“The teachers’ unions are in a terrible situation,” he said, “because on the one hand they want to argue that expectations are too high. But the question that lurks behind that is, ‘So you mean teachers don’t have any impact on students?’ ”
That’s Jeffrey M. Stonecash, professor emeritus of political science at Syracuse University, in today’s New York Times article on teacher unions’ fight against standardized testing and the “diverse allies” they find in conservative Republicans.
The article illustrates that teacher union leaders perceive no peril in their stance against standardized testing; instead, there’s almost a sense of glee in what some view as a victorious discovery of an issue uniting various factions. These factions include right-leaning protectors of state rights (a labor historian says, ““It is a powerful issue, by virtue of the fact that the right is also against it”); “pressure within their own ranks” (the reference is to the Badass Teachers Association, 50,000 members strong, who describe their raison d’etre as “every teacher who refuses to be blamed for the failure of our society to erase poverty and inequality, and refuses to accept assessments, tests and evaluations imposed by those who have contempt for real teaching and learning”; and parents who resent testing, “particularly in wealthy suburbs and neighborhoods of New York City.”
“Does it give us a platform?” said Karen E. Magee, the president of New York State United Teachers. “Absolutely.”
The article cites critics of anti-testers (see today’s related Star Ledger article on a great “We Raise N.J.” conference, held yesterday) who say that “the unions are not acting out of concern for children but are trying to undercut efforts to institute tougher evaluations. Here’s Jonah Edelman of Stand for Children:
“It’s right at the point when we finally actually have the kind of improved tests that so many folks petitioned for and advocated for for years,” said Jonah Edelman, the chief executive of Stand for Children, an advocacy group that supports charter schools and teacher evaluations that incorporate test scores. Mr. Edelman said that the organization supports legislation to reduce unnecessary testing, but “encouraging parents to opt out is not an effort to reduce overtesting.”

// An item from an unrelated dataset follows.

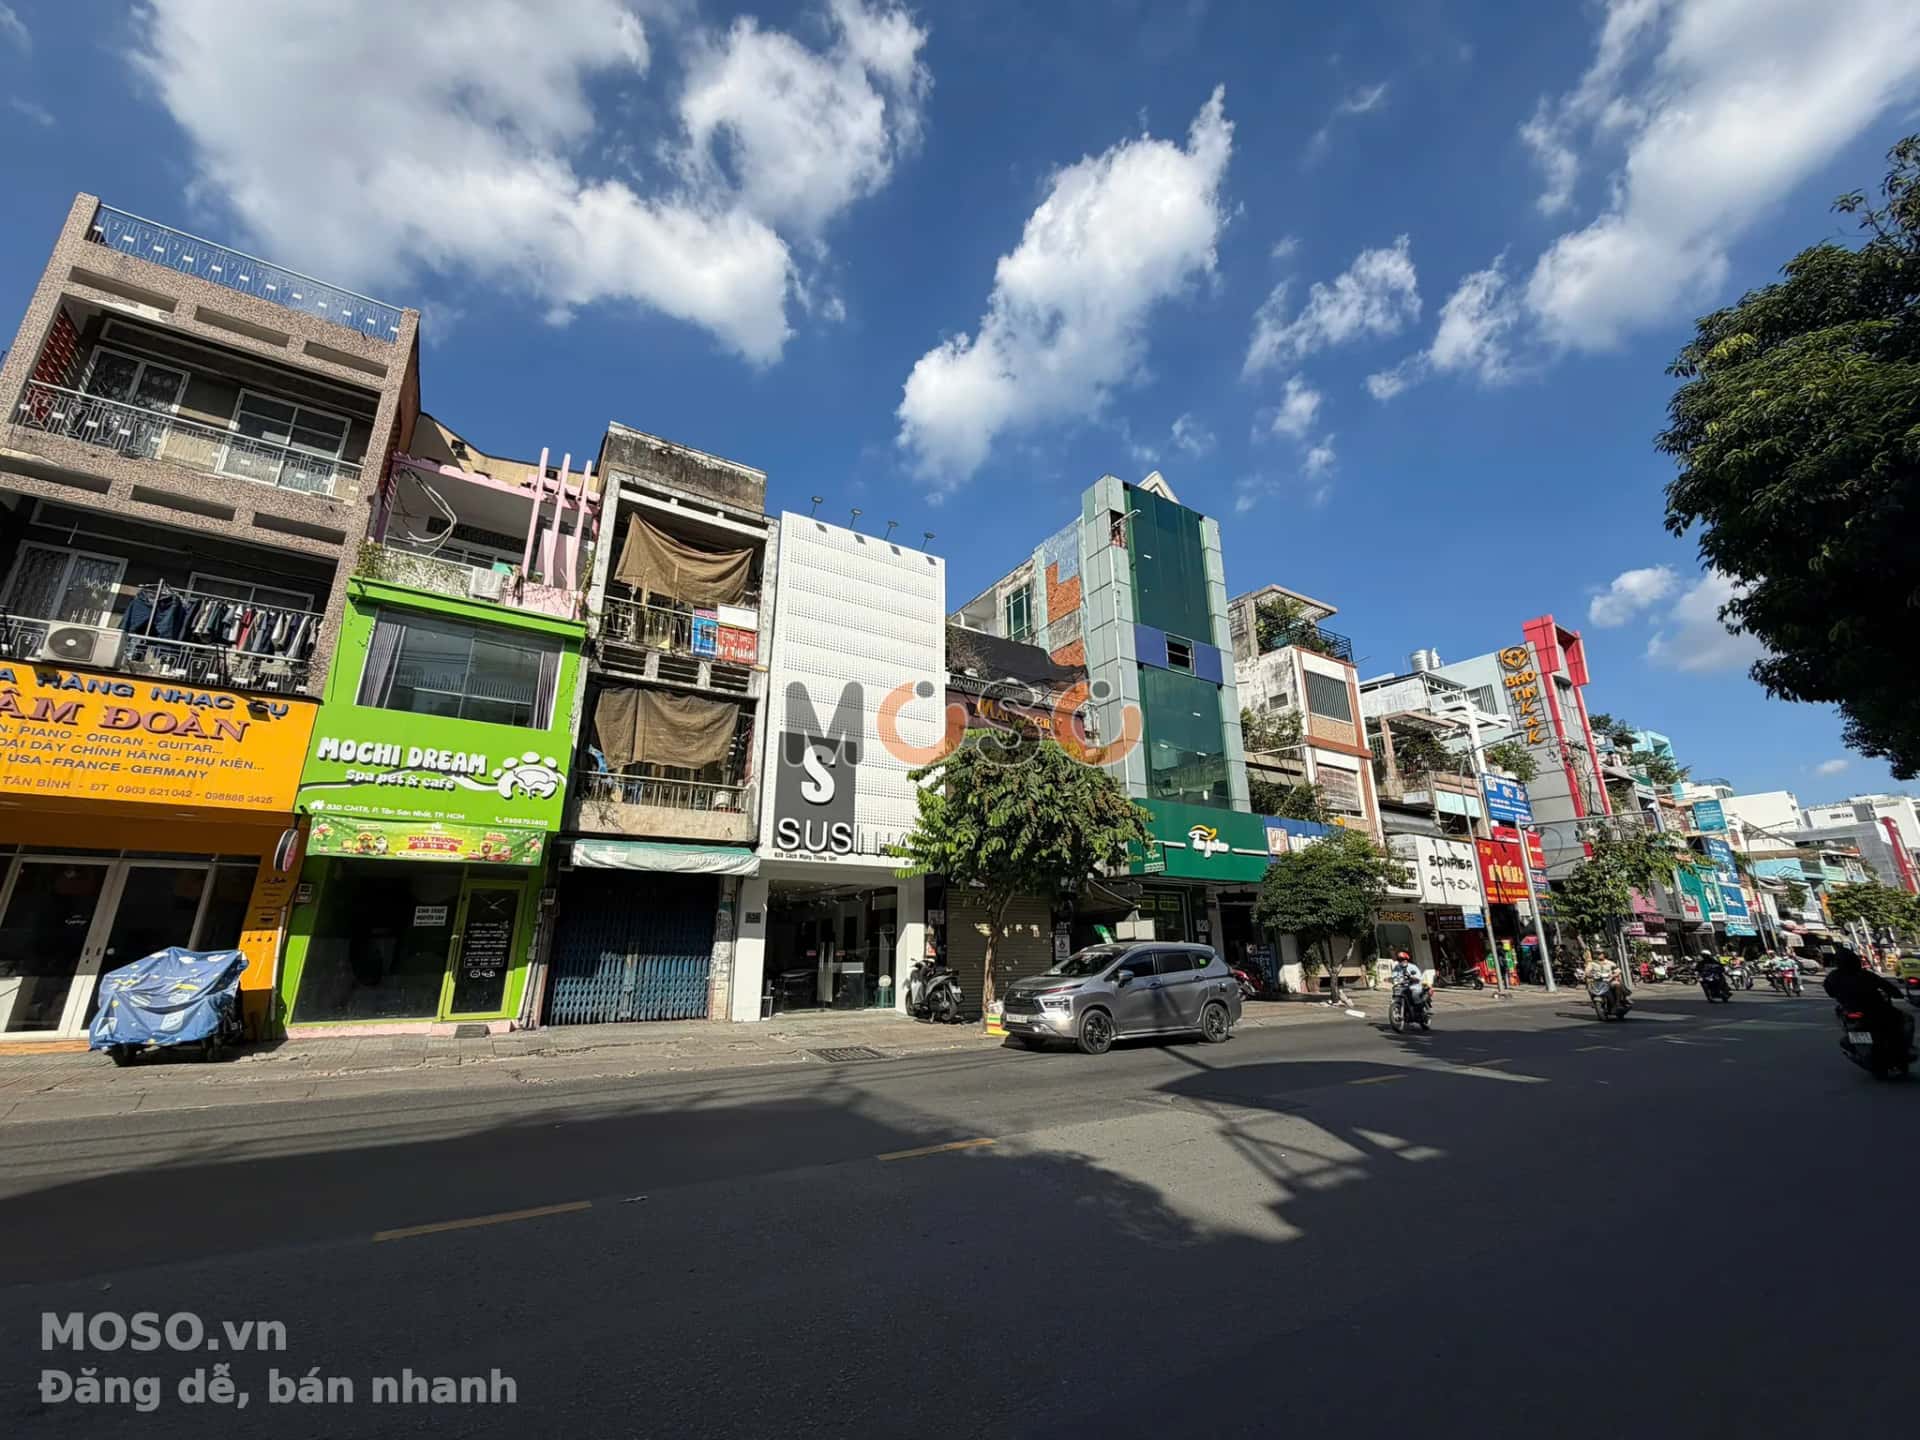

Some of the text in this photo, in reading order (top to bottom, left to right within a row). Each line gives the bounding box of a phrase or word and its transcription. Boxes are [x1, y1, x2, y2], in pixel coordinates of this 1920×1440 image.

One quibble: the Times writers claim that NEA President Lily Eskelsen Garcia and AFT President Randi Weingarten “say they support parents’ right to opt their children out of the tests but have not gone as far as Ms. Magee and some local chapters in encouraging parents to do so.” Here’s Diane Ravitch:
BREAKING NEWS: AFT President Randi Weingarten Endorses Opt Out!
By dianeravitch
March 31, 2015 //
This is great news!Randi Weingarten, president of the American Federation of Teachers, tweeted and wrote on her Facebook page yesterday that she supports parents who opt out of the PARCC tests. She had previously spoken out of behalf of opting out when participating in a parent-teacher rally at Fort Drum, New York. Yesterday she said that if she were a parent of children in the public schools of New York, she would opt out too.
“Parents don’t want their children to be treated with a one-size-fits-all education approach. And educators know that students are more than a test score, so let educators teach and put an end the toxic practice of punishing students, schools and educators based on test results.”
Sounds like encouragement to me.
Re: NEA, its February 15th Interim Implementation Report states that “NEA staff have worked with the United Opt Out and, through NEA’s regular communication vehicles, shared information on how to join a national resistance effort to the testing burden.” (United Opt-Out, however, says that the report didn’t go far enough for the “courageous educators who truly have taken a stand against these tests.”)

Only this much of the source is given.